Now look at fingerprints. One problem with fingerprints is that the relationships between identifying marks is not guaranteed to be constant between readings. Your finger might be slightly swollen due to varying levels of fluids in your body, or aligned ever so slightly different between sensor elements, or even have a piece of dirt on it, and that could be just enough difference to cause a element's worth of difference between readings. Remember, even one bit of change will mean a completely different hash is output. So a precise image reading or snapshot of a print can't be directly hashed.

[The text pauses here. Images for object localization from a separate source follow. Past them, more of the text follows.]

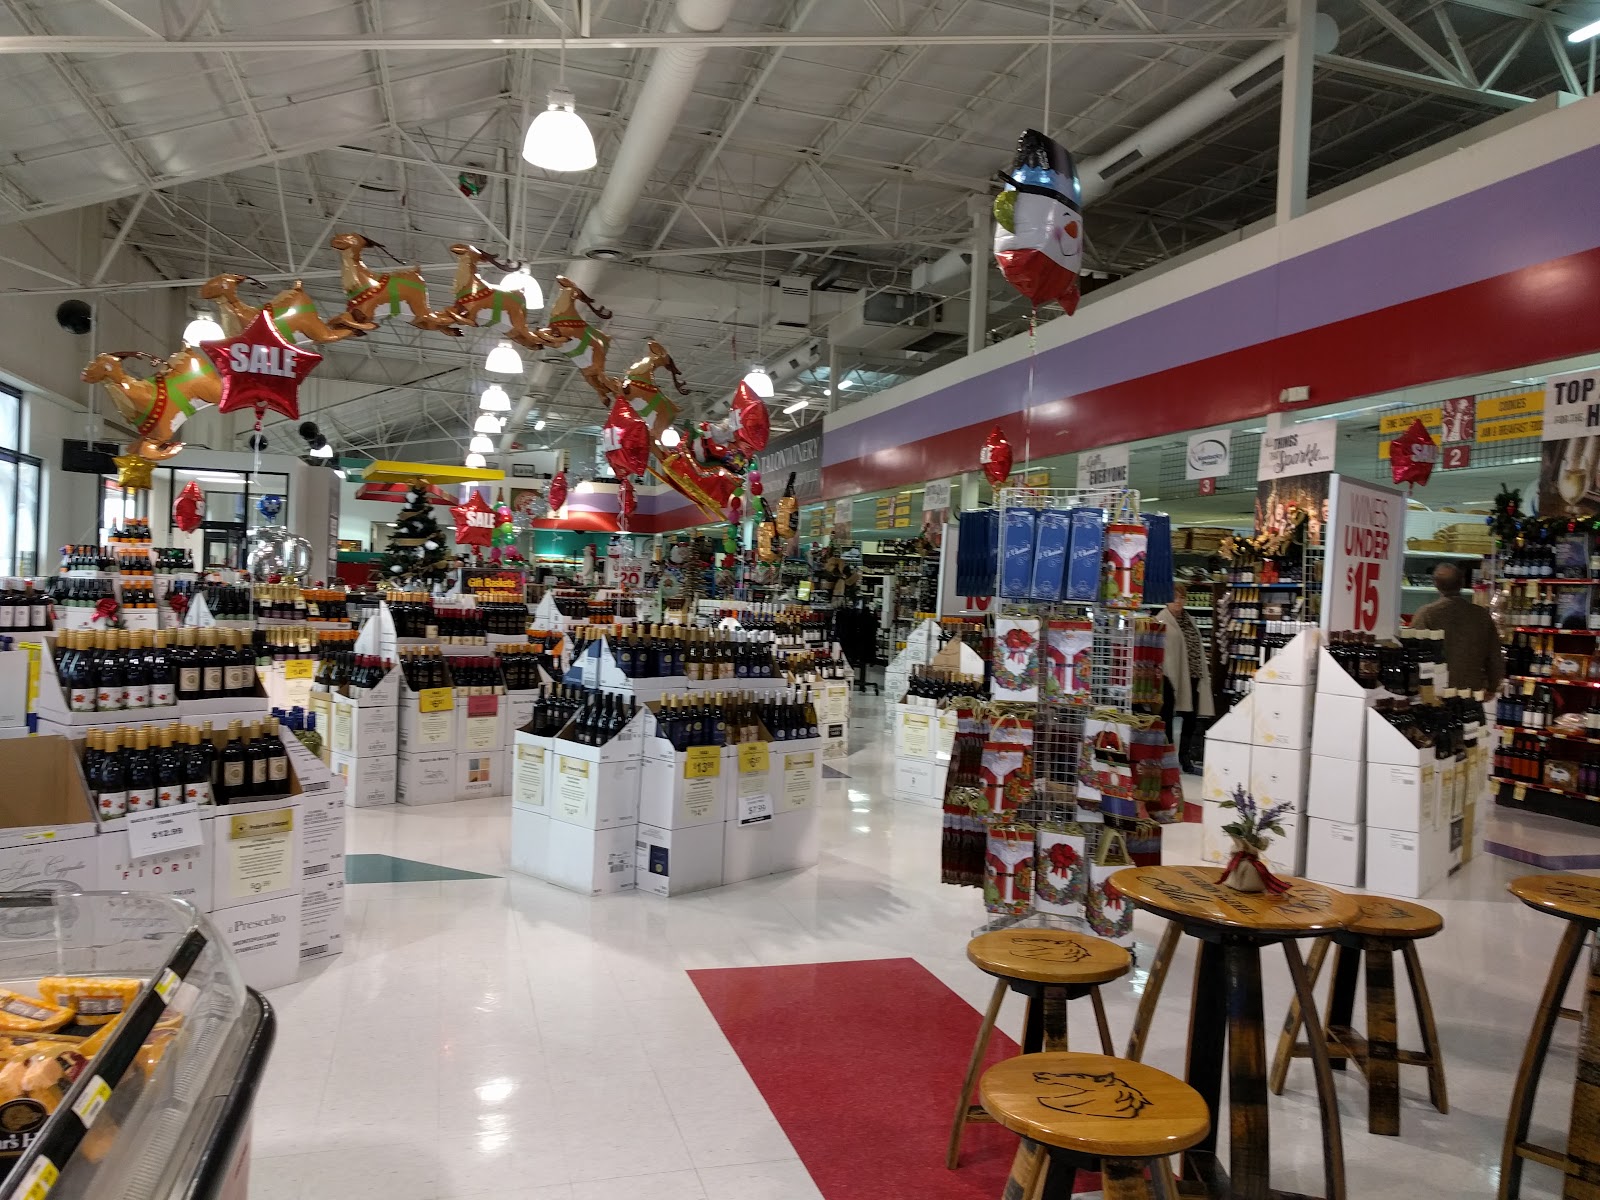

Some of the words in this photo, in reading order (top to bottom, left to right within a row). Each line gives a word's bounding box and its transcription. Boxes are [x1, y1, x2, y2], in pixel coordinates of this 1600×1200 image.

[229, 342, 298, 379] SALE
[1554, 377, 1595, 405] TOP
[1499, 397, 1527, 412] COOKIES
[784, 436, 820, 465] WINERY
[1274, 433, 1299, 450] THINGS
[1450, 448, 1462, 466] 2
[1089, 465, 1127, 486] EVERYONE
[1202, 479, 1210, 493] 3
[465, 511, 496, 529] SALE
[1350, 491, 1389, 529] WINES
[1344, 524, 1390, 560] UNDER
[467, 577, 483, 588] Gift
[484, 577, 516, 588] Baskets
[1346, 561, 1381, 631] $15
[122, 861, 193, 880] FIORI
[234, 913, 287, 933] Prescelto

However, the image can be processed. Every print has a set of "landmarks", which are specifically identifiable points. Bifurcations are where two ridges join together, a rod is where a ridge terminates, an island is a short little ridge, and so on. These landmarks can be identified, and can be measured in relationship to each other. If you were to lay a thumbprint out on a grid, for example, you could identify each cell with the landmarks it contains.

The problem then becomes aligning the grid. If the grid isn't identically laid out each time a print is read, you would not generate the same hash.

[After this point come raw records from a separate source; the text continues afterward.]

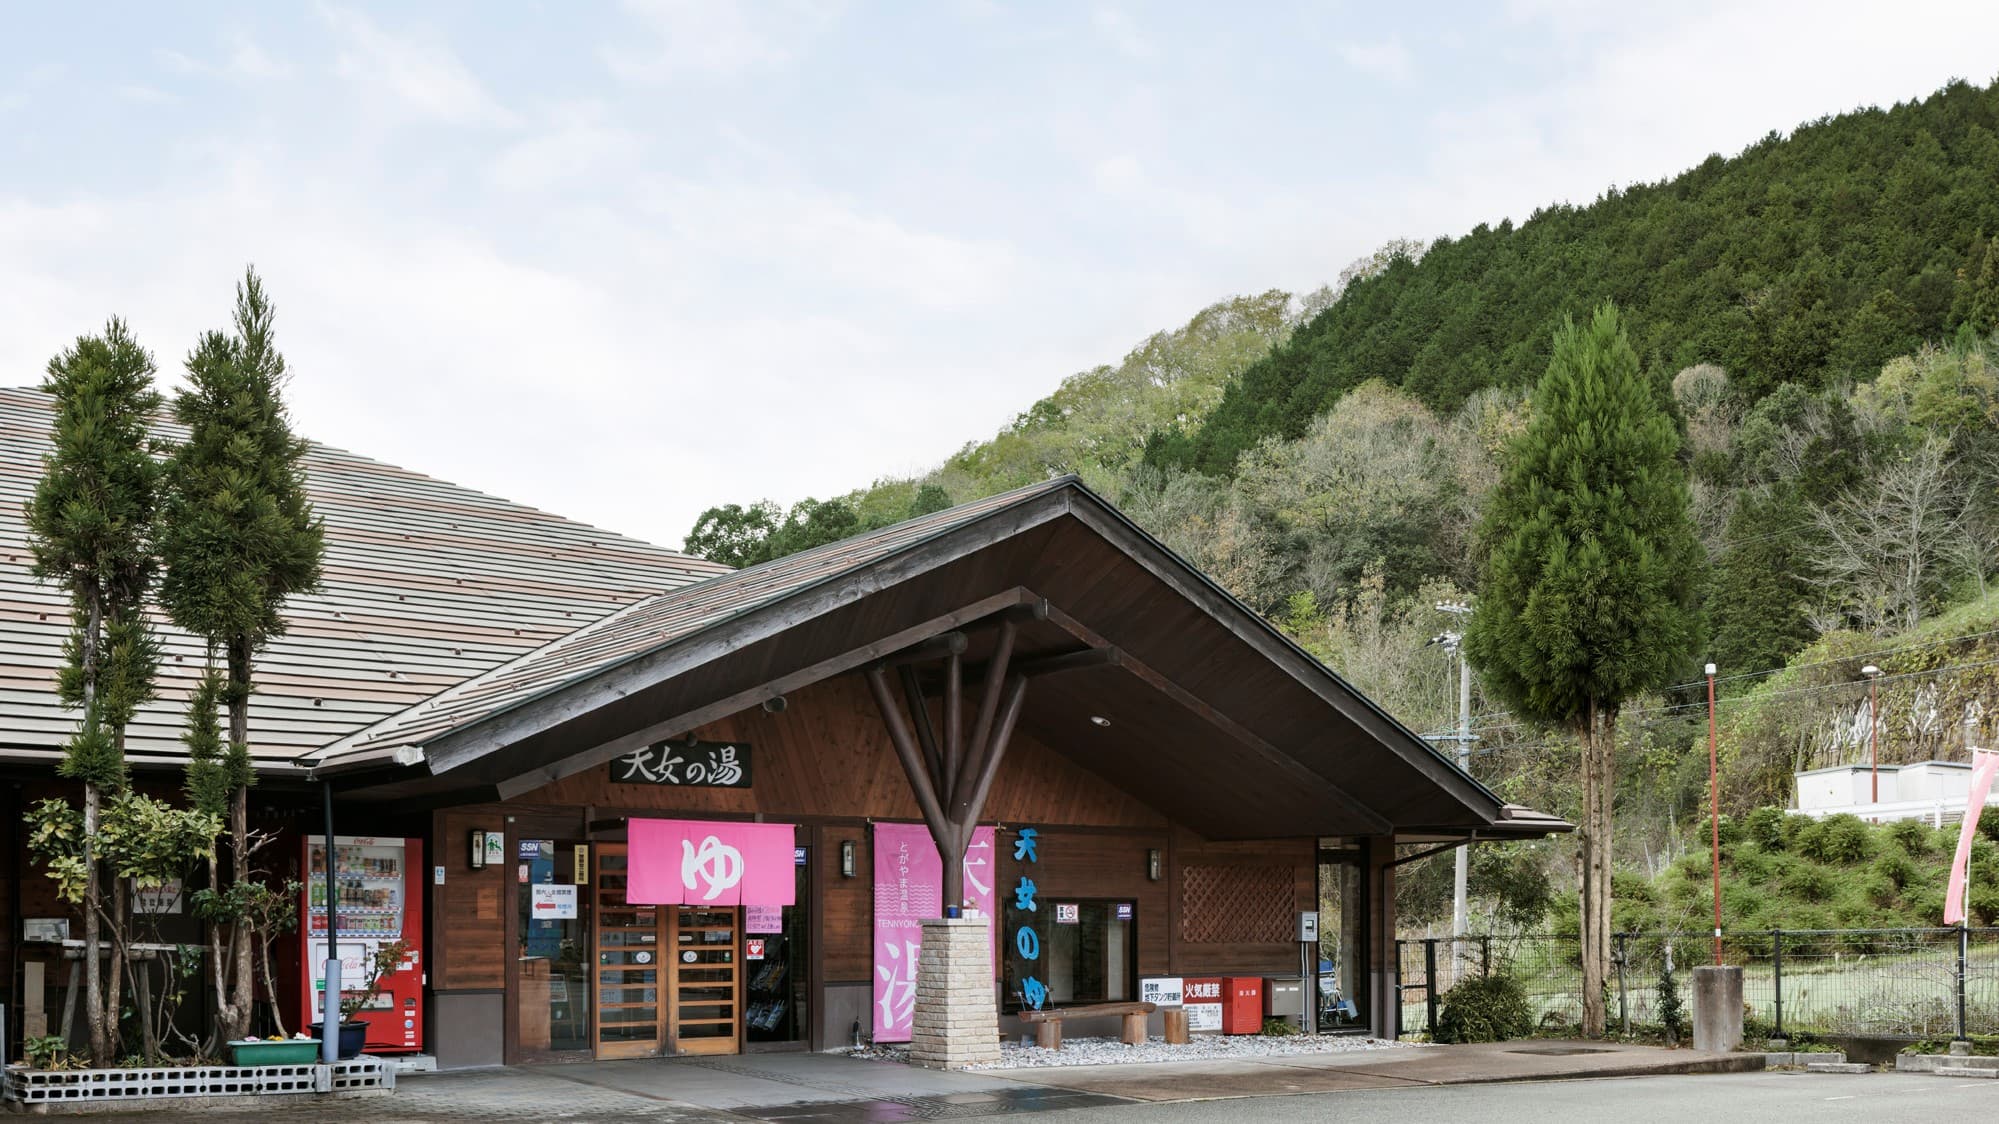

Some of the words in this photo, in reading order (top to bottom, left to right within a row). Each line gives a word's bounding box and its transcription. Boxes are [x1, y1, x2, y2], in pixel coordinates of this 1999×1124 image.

[620, 744, 743, 786] 天女の湯
[519, 842, 539, 852] SSN
[794, 849, 805, 858] SN
[681, 835, 745, 900] ゆ
[1185, 982, 1221, 999] 火気厳禁

Prints come in only three basic shapes: arches, loops, and whorls. It seems like it could be possible to use the defining characteristics of all arch-type prints (for example) to produce three needed reference points, and thus align the grid. You then process it and identify all possible landmarks. But then what? What assurance do you have that every landmark has landed in the same cell every time? If you try to establish a fuzzy zone around the gridlines, how do you know which landmarks are just barely falling into (or out of) the fuzzy zone?

(The same concern holds true if you try to use radials from the center of the reference points - how much tolerance do you build into the vectors?

The bottom line is you will likely find it hard to get the exact same value out of the hash every single time, because the prints are never precisely lined up in a repeatable fashion.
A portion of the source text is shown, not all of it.